# Exercise description:
Print out the data that follows exactly, character for character, apart from the pictures.

# Excerpted records:
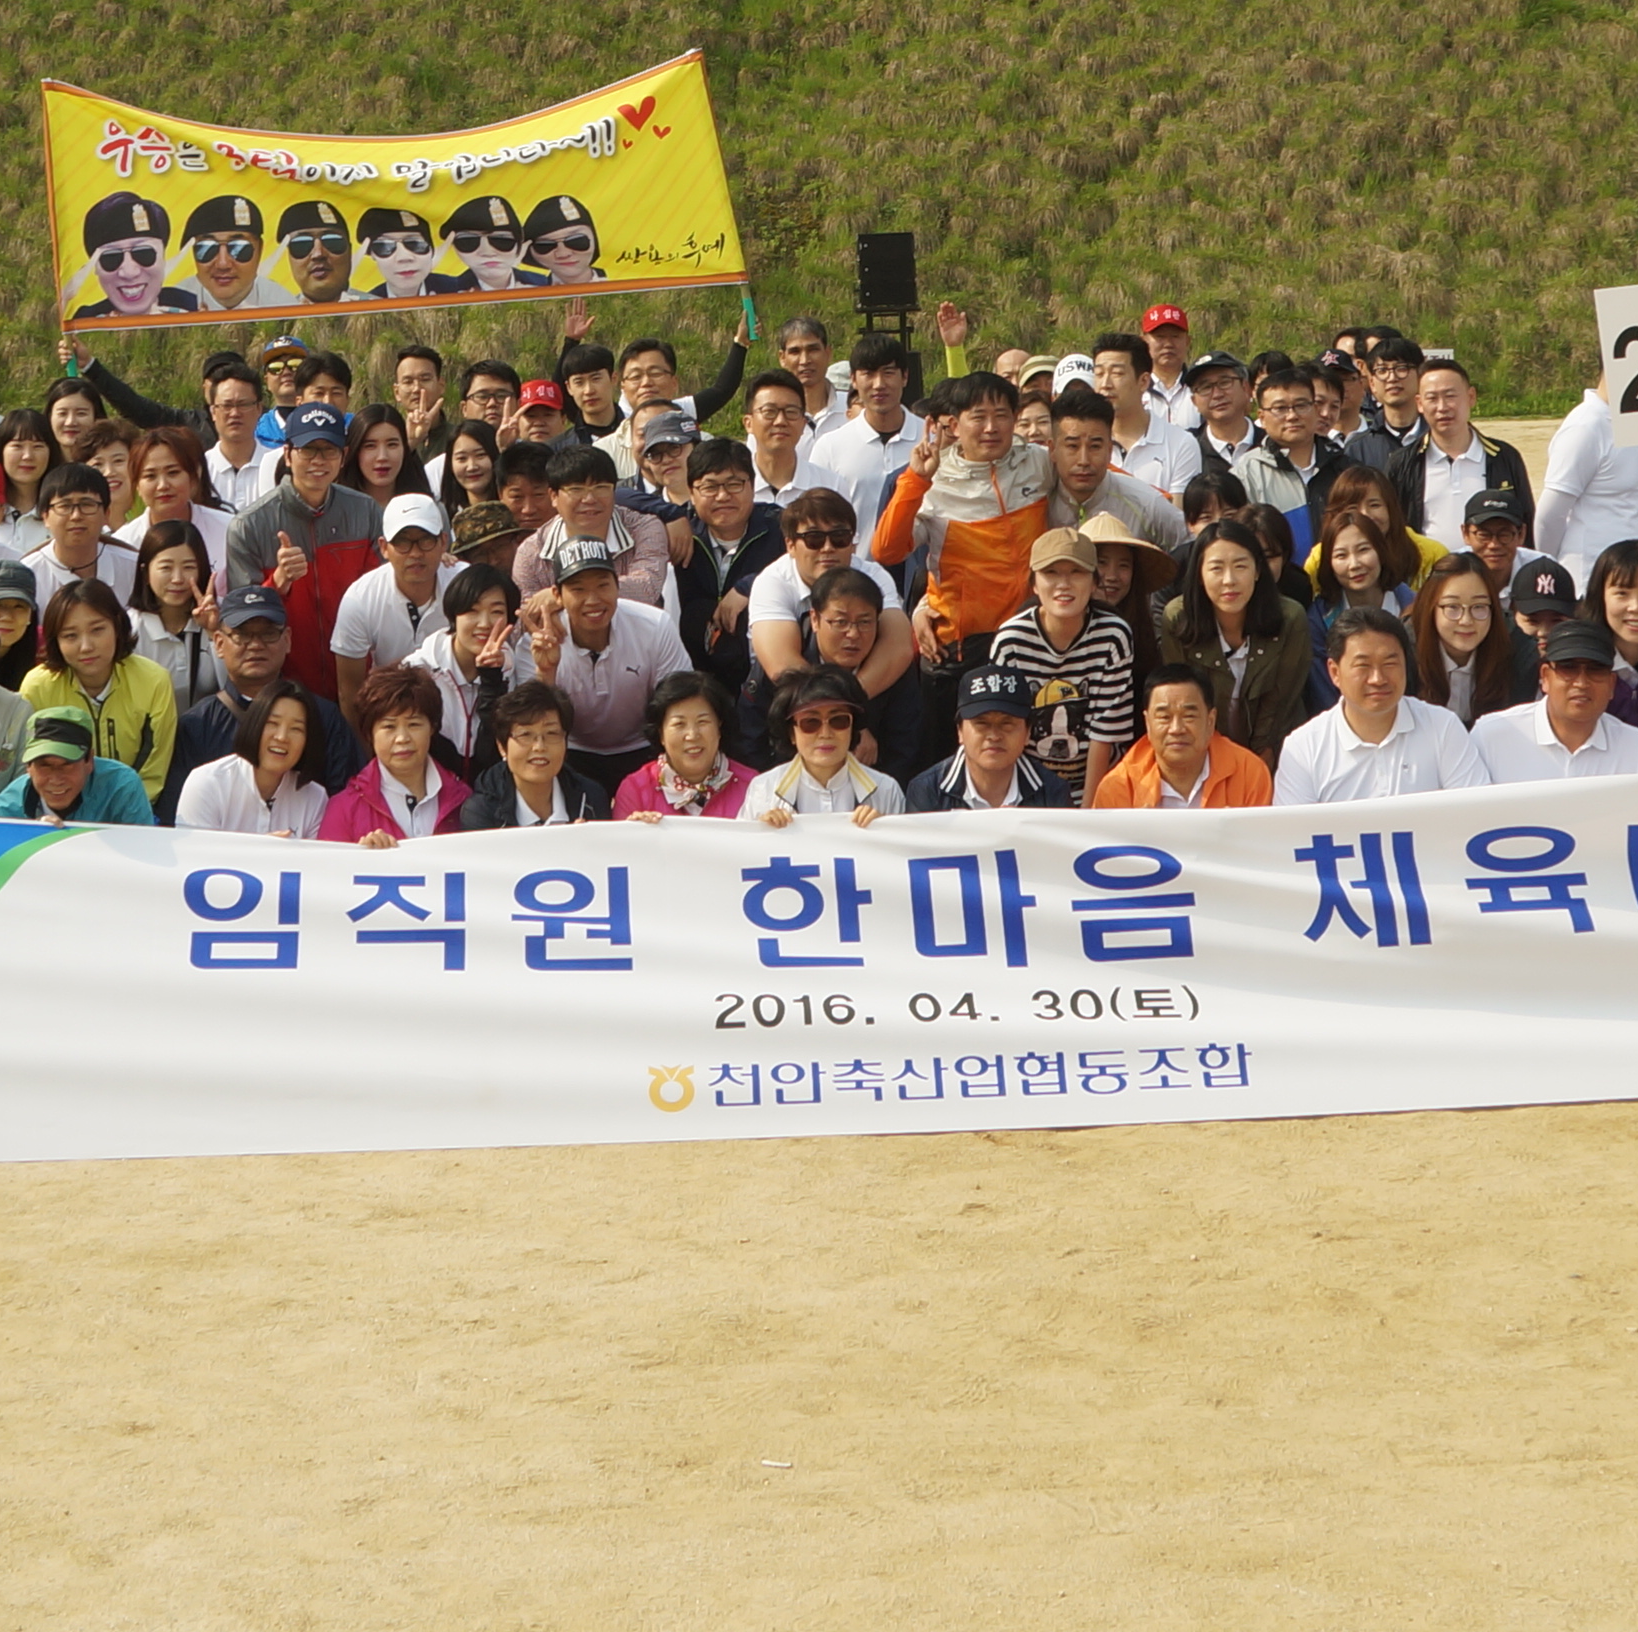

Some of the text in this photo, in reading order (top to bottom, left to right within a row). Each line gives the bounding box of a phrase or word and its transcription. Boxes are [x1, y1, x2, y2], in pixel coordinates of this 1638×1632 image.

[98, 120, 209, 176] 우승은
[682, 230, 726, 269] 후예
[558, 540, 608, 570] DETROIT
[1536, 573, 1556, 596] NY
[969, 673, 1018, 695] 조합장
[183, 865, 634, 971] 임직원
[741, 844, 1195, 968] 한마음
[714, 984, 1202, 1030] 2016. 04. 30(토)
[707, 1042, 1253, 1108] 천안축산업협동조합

# Answer box:
Some of the text in this photo, in reading order (top to bottom, left to right within a row). Each line gives the bounding box of a phrase or word and its transcription. Boxes are [x1, y1, x2, y2], in pixel coordinates of this 1638×1632 image.

[98, 120, 209, 176] 우승은
[682, 230, 726, 269] 후예
[558, 540, 608, 570] DETROIT
[1536, 573, 1556, 596] NY
[969, 673, 1018, 695] 조합장
[183, 865, 634, 971] 임직원
[741, 844, 1195, 968] 한마음
[714, 984, 1202, 1030] 2016. 04. 30(토)
[707, 1042, 1253, 1108] 천안축산업협동조합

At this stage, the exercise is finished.